Two days of trekking through muddy paths deep into the mosquito infested jungle of Northern Guatemala’s Peten region brought me and nine other adventurous travelers to the ancient Mayan city of El Mirador. Upon first viewing the ruins I was struck by how thoroughly nature can reclaim its territory after human abandonment. Thick layers of soil and dense vegetation surround, infiltrate and in some cases completely cover structures that are believed to have been abandoned almost two thousand years ago.
Even the higher reaches of the mighty, multi-tiered La Danta temple rising roughly seventy meters (230 feet) from the jungle floor are covered with trees. Archeologists have deliberately left the vegetation there to provide shade and protect the antiquated walls from the debilitating effects of the sun. Without our leather skinned Guatemalan guide Antonio, I’m sure that myself and my compadres would’ve been largely unaware that we were standing on the most massive ancient Mayan structure in the world. Unlike at the more popular site of Tikal it’s easy to mistake parts of the structure for normal contours of the land.

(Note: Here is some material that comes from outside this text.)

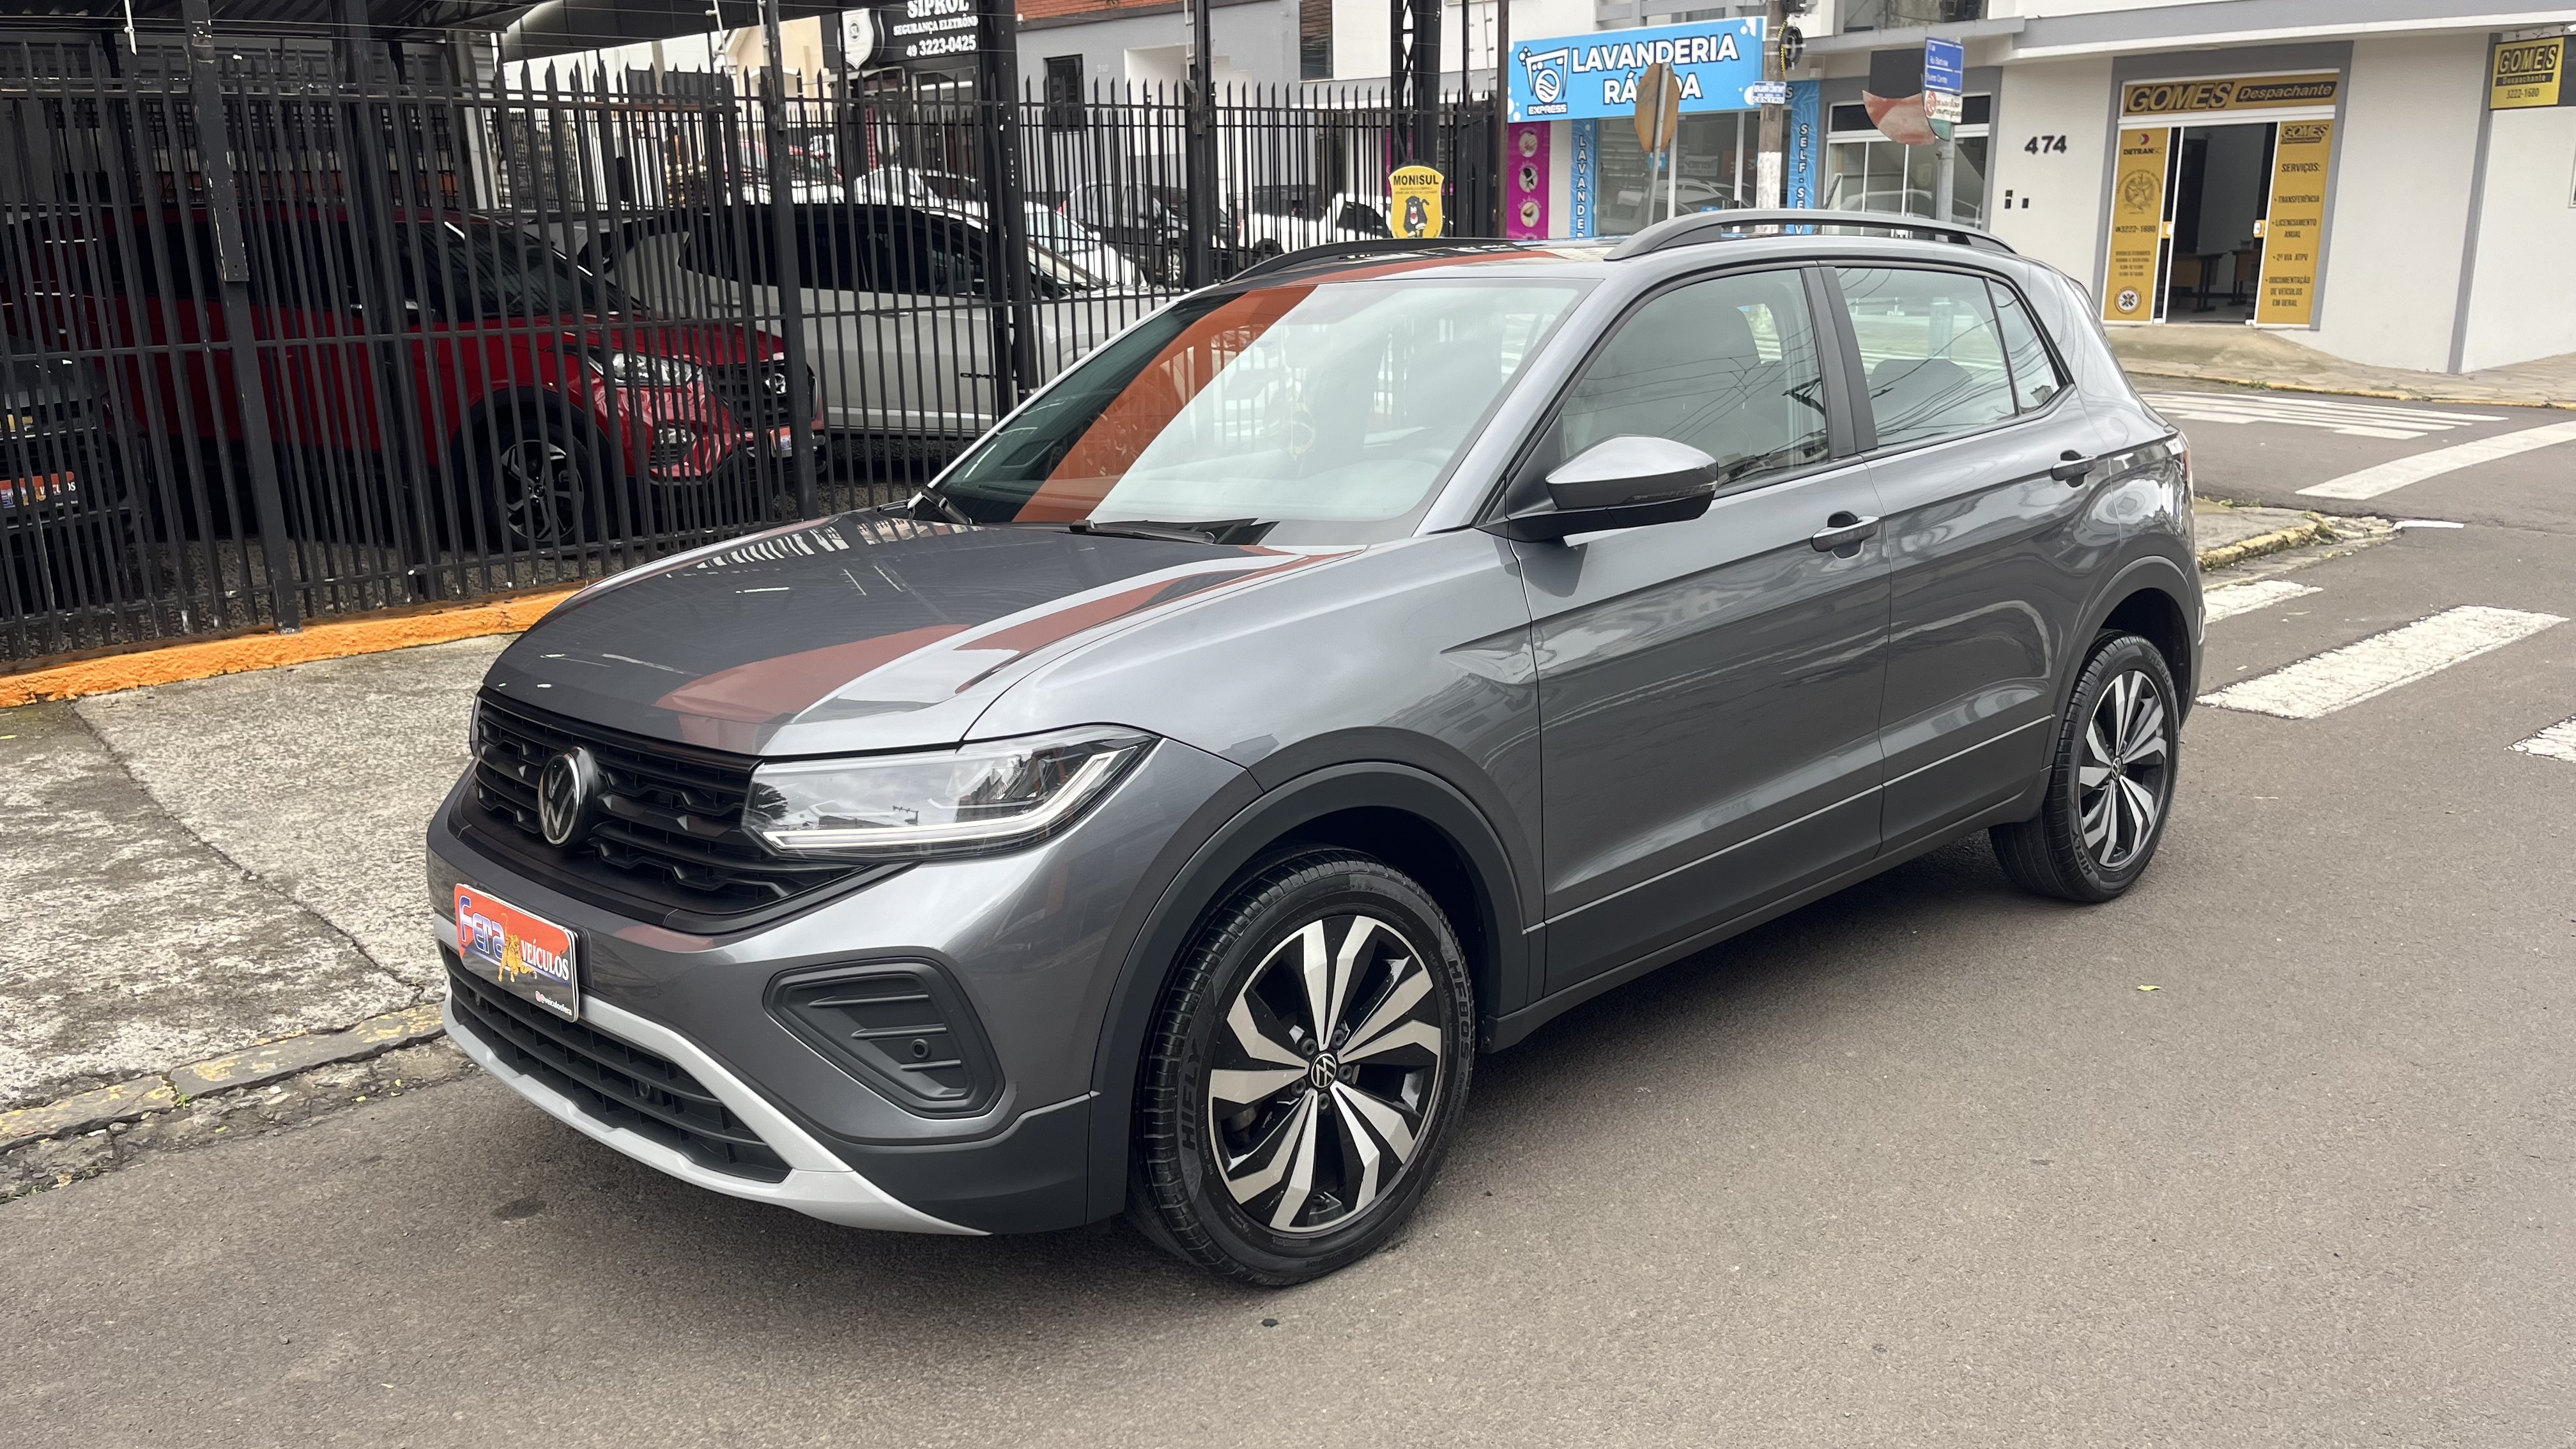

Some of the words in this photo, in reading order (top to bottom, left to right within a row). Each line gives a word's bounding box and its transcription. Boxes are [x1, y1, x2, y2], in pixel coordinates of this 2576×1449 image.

Over time it appears that the wilderness can erase almost all traces of a civilization. El Mirador, which is thought to have been populated by as many as 200,000 people at its peak was engulfed by the jungle and only discovered in 1926.
Sitting atop the 55 meter (180 foot) El Tigre temple as the sun set and pink oozed over the horizon like a slow bleed, I pondered the tenacity of nature. As if to punctuate my thoughts some howler monkeys started a chorus of guttural roars, spider monkeys crashed though the canopy and a diminutive humming bird the size of a large insect helicoptered onto a near by branch. Left alone the wilderneas is raw and formidable.
Cost: $25 a day
The strangest thing I’ve seen lately
Few people outside of the small town of San Pedro la Laguna on the shore of Lake Atitlan in the Guatemalan highlands have heard of the San Pedro Celtics basketball team. With a population of approximately thirteen thousand people, mostly of Mayan descent, one could be forgiven for thinking that there wasn’t a basketball team at all in this soccer (fútbol) mad part of the world. But exist they do and although the players lack that most important asset of a good basketballer- height- they play with a speed, determination and passion that is commendable. Of course, these attributes don’t tend to matter when they come up against players who are two feet taller than they are; which is exactly what happened recently when the Celtics were pitted against a selection of some of the finest professional Guatemalan players- team Seleccion. The Seleccion came to town during the annual week of festivities, celebrating the Apostle Peter, who the town is named after.
Team Seleccions players, some of whom apparently play for the Guatemalan national team, arrived fashionably late with a group of attractive girls in tow. Most of these giants appeared to have European blood in them and they towered over the short, squat players the Celtics Mayan blood had produced. Once the Seleccion posse had settled into some seats the players started a fairly serious looking warm up routine as the locals practiced their shooting down the other end of the court.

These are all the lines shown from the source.